- TO DO -
Copy out the data word for word, without any of its pictures.

[[ THE INPUT, beginning ]]

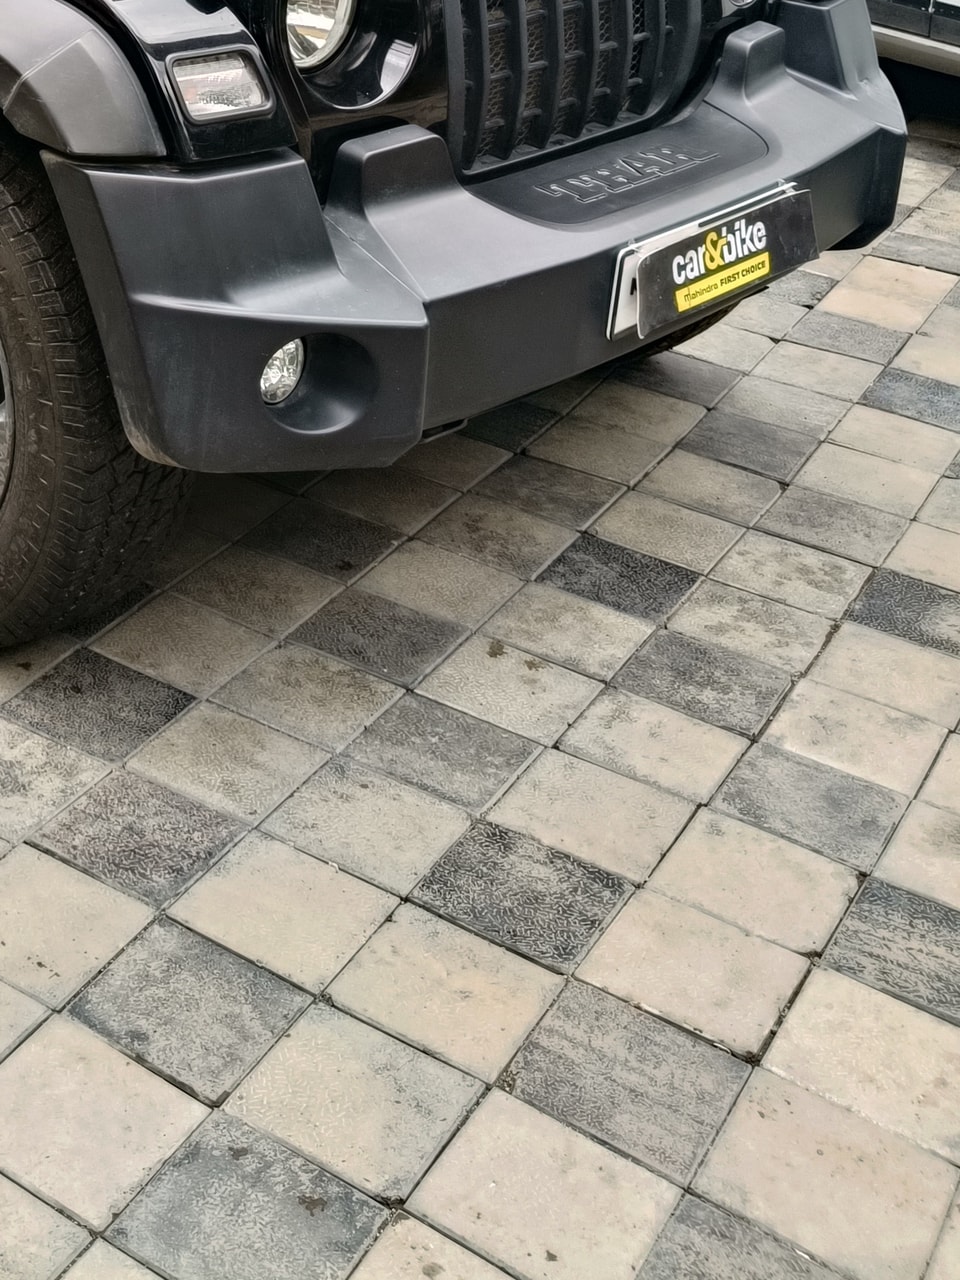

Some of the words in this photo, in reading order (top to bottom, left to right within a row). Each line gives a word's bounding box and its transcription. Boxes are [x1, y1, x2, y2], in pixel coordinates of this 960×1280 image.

[533, 147, 721, 204] THAR
[672, 219, 768, 285] car&bike
[684, 282, 719, 302] Mahindra
[720, 271, 741, 287] FIRST
[741, 260, 766, 278] CHOICE

[[ THE INPUT, end ]]

- SOLUTION FOR THIS TASK -
Some of the words in this photo, in reading order (top to bottom, left to right within a row). Each line gives a word's bounding box and its transcription. Boxes are [x1, y1, x2, y2], in pixel coordinates of this 960×1280 image.

[533, 147, 721, 204] THAR
[672, 219, 768, 285] car&bike
[684, 282, 719, 302] Mahindra
[720, 271, 741, 287] FIRST
[741, 260, 766, 278] CHOICE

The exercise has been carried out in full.